Tuesday, July 14, 2015

Different and related histories

Dearborn is a city alongside the southwest side of Detroit. From 1942 to 1978 its mayor was Orville Hubbard, yes, elected 15 times. He did lots of good things for the growing city, but he was also racist, determined to keep Dearborn white while Detroit became majority black. For example, in addition to racist housing laws (some perpetrated by federal policies) Hubbard made sure that city parks had signs saying city parks were for residents only.

I started working in Dearborn in 1979 for the auto industry, and continued until I retired in 2007. In that time Dearborn became the center of the largest Middle-East population outside the Middle-East. A week ago Fatina Abdrabboh wrote a letter to the editor of the Detroit Free Press. Abdrabboh is the director of the American-Arab Anti-Discrimination Committee's Michigan Regional Office. Her office is perhaps in the Arab-American National Museum across the street from Dearborn's City Hall – which features a statue of Orville Hubbard on the plaza. Abdrabboh made many of the same arguments as were made about Confederate flag in the South. Perhaps Orville should be moved to a museum.

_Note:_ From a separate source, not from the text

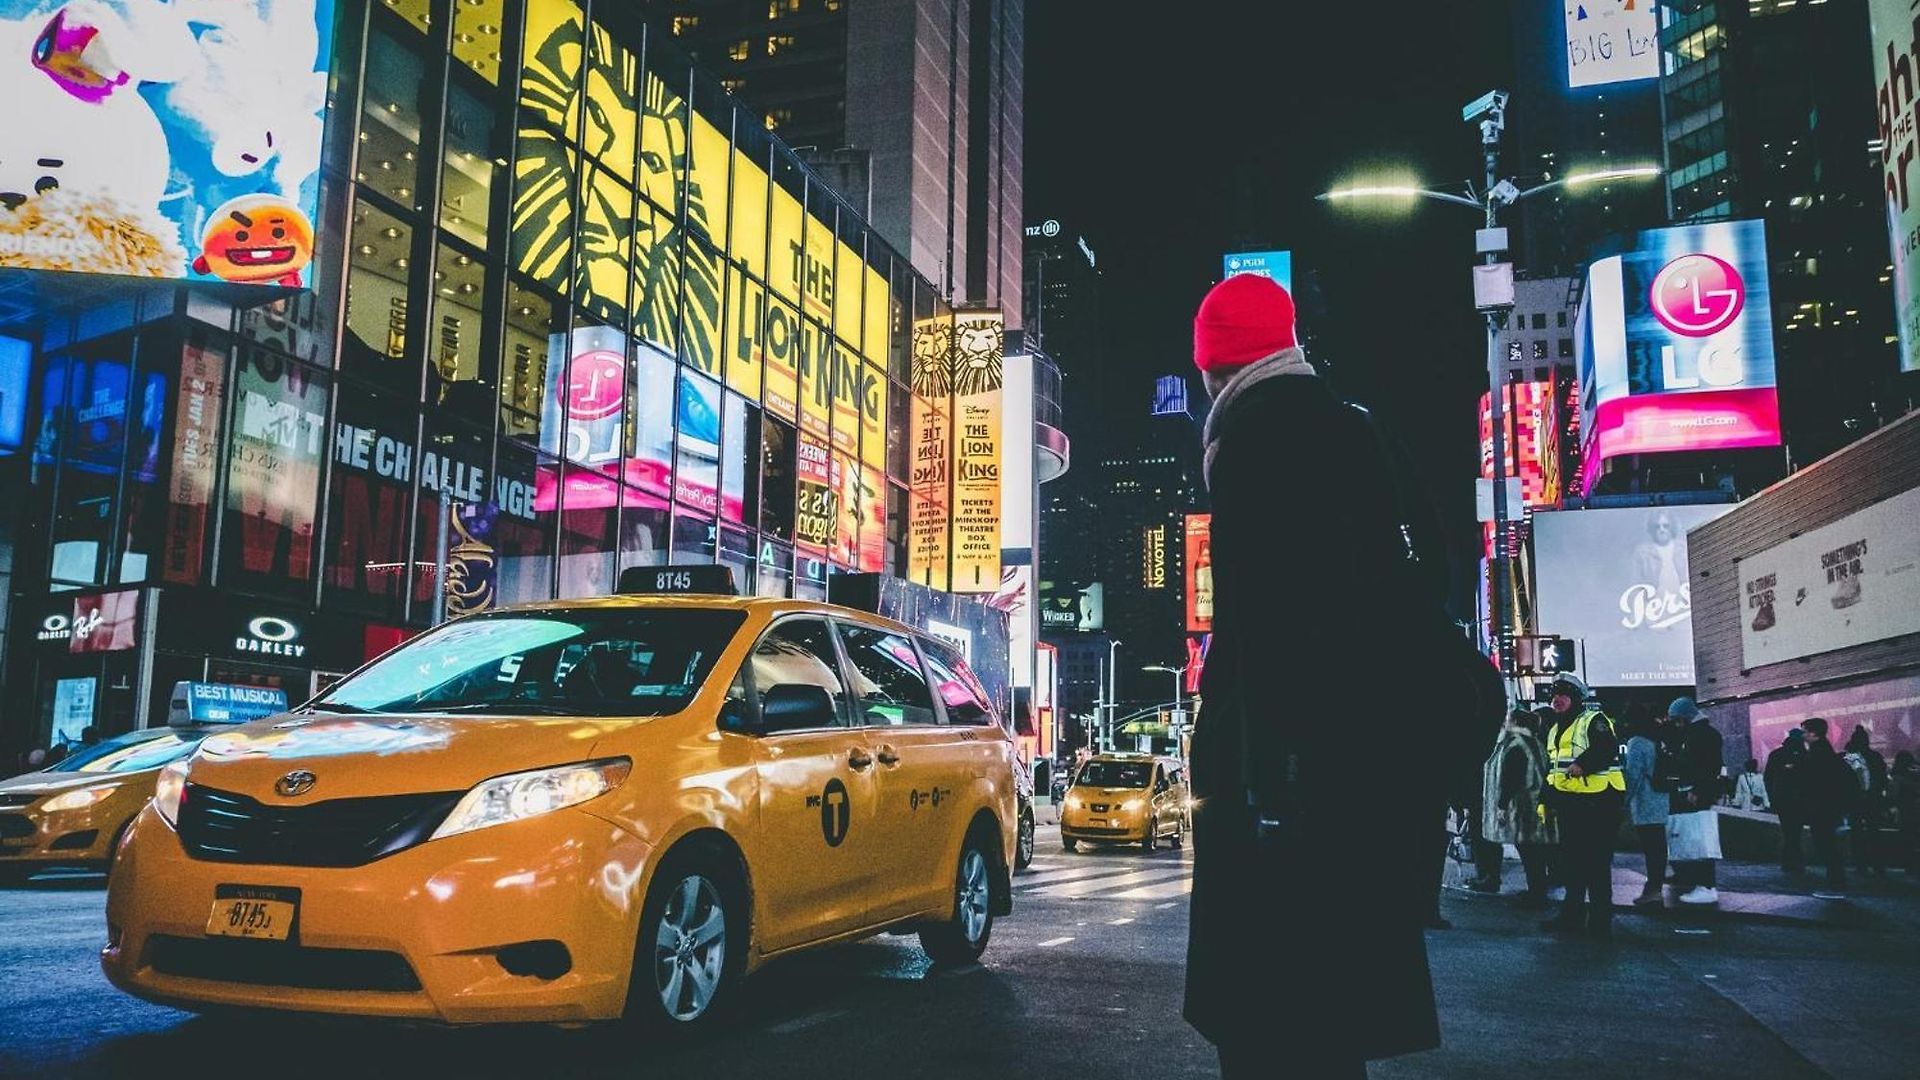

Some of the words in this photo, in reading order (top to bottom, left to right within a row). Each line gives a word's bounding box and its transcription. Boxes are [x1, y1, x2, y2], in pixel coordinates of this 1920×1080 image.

This past Sunday Stephen Henderson, the Freep Editorial Page Editor, discussed Abdrabboh's letter and includes a discussion he had with Kidada Williams, a professor of history at Wayne State University in Detroit. Williams discusses something my friend and debate partner has said many times: the solution to offensive free speech (a statue of Hubbard) is more free speech.
Williams, whose studies have been about race and racism, racial progress and struggle, said she doesn't support "sanitizing" history, wiping away painful reminders of what was in the name of delivering justice to an aggrieved population. She would have Confederate flags taken down, for instance, because they hold no real historical significance.

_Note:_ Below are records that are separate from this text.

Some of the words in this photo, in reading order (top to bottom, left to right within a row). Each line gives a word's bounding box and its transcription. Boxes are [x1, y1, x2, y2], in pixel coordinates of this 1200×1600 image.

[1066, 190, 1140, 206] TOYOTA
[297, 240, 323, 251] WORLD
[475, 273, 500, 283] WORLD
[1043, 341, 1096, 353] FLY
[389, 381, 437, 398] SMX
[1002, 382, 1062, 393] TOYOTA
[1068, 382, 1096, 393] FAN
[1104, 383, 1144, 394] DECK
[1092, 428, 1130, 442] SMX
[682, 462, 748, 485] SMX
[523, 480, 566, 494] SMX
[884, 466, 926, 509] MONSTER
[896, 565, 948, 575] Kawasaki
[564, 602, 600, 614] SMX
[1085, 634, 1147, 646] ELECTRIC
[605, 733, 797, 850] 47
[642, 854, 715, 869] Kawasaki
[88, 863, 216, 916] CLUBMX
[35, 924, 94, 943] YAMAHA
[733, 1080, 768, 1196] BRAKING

But she would preserve Confederate monuments, which adorn parks and squares in cities all over the country, and insist that they be accompanied by their proper historic context.

"The figures memorialized are important to history, whether local, regional, state or national," Williams said. "At the same time, there is a history in the memorial campaigns — who gets memorialized when and who doesn't — that intersects with the rise of Jim Crow that should be taught along with more accurate, integrated histories of the United States."

She'd also make important additions to displays.

"I would support counter-memorials, ones that tell different but related histories, and ideally these would appear in the same spaces as the original ones," Williams said.
Henderson proposes a series of questions for the residents of Dearborn to discuss: Why was a statue of Hubbard erected? Was there opposition? How was that handled? Should a counter-monument be placed beside the statue? What other historical stories should be included in that new display?